Data excerpts -
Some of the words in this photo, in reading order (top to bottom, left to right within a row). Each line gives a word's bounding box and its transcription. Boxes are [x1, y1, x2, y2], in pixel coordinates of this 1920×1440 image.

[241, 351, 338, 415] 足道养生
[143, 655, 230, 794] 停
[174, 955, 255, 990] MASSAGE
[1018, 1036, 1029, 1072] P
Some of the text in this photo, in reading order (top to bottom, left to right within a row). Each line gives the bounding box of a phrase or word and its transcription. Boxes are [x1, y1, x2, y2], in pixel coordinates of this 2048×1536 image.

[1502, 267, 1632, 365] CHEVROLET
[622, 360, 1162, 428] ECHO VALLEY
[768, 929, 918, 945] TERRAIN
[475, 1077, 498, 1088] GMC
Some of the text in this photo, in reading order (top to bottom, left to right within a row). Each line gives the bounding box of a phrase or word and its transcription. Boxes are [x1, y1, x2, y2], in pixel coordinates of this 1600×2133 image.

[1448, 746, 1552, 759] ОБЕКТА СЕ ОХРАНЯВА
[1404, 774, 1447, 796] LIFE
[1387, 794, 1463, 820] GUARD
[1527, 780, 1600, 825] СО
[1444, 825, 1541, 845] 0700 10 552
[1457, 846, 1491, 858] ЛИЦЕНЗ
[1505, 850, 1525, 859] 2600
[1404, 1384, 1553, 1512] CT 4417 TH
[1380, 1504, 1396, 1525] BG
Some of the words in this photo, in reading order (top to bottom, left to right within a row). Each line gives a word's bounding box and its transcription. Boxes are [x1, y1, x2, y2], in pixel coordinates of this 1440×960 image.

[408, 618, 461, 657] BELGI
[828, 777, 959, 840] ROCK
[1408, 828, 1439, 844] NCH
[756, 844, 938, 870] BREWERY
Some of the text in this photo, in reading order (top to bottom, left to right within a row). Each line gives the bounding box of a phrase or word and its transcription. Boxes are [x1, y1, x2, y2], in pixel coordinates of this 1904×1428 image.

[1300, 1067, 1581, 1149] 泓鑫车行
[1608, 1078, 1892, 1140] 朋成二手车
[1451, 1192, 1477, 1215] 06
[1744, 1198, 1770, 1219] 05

Problem -
Give back all of the data above without any alteration.

Solved exercise -
Some of the words in this photo, in reading order (top to bottom, left to right within a row). Each line gives a word's bounding box and its transcription. Boxes are [x1, y1, x2, y2], in pixel coordinates of this 1920×1440 image.

[241, 351, 338, 415] 足道养生
[143, 655, 230, 794] 停
[174, 955, 255, 990] MASSAGE
[1018, 1036, 1029, 1072] P
Some of the text in this photo, in reading order (top to bottom, left to right within a row). Each line gives the bounding box of a phrase or word and its transcription. Boxes are [x1, y1, x2, y2], in pixel coordinates of this 2048×1536 image.

[1502, 267, 1632, 365] CHEVROLET
[622, 360, 1162, 428] ECHO VALLEY
[768, 929, 918, 945] TERRAIN
[475, 1077, 498, 1088] GMC
Some of the text in this photo, in reading order (top to bottom, left to right within a row). Each line gives the bounding box of a phrase or word and its transcription. Boxes are [x1, y1, x2, y2], in pixel coordinates of this 1600×2133 image.

[1448, 746, 1552, 759] ОБЕКТА СЕ ОХРАНЯВА
[1404, 774, 1447, 796] LIFE
[1387, 794, 1463, 820] GUARD
[1527, 780, 1600, 825] СО
[1444, 825, 1541, 845] 0700 10 552
[1457, 846, 1491, 858] ЛИЦЕНЗ
[1505, 850, 1525, 859] 2600
[1404, 1384, 1553, 1512] CT 4417 TH
[1380, 1504, 1396, 1525] BG
Some of the words in this photo, in reading order (top to bottom, left to right within a row). Each line gives a word's bounding box and its transcription. Boxes are [x1, y1, x2, y2], in pixel coordinates of this 1440×960 image.

[408, 618, 461, 657] BELGI
[828, 777, 959, 840] ROCK
[1408, 828, 1439, 844] NCH
[756, 844, 938, 870] BREWERY
Some of the text in this photo, in reading order (top to bottom, left to right within a row). Each line gives the bounding box of a phrase or word and its transcription. Boxes are [x1, y1, x2, y2], in pixel coordinates of this 1904×1428 image.

[1300, 1067, 1581, 1149] 泓鑫车行
[1608, 1078, 1892, 1140] 朋成二手车
[1451, 1192, 1477, 1215] 06
[1744, 1198, 1770, 1219] 05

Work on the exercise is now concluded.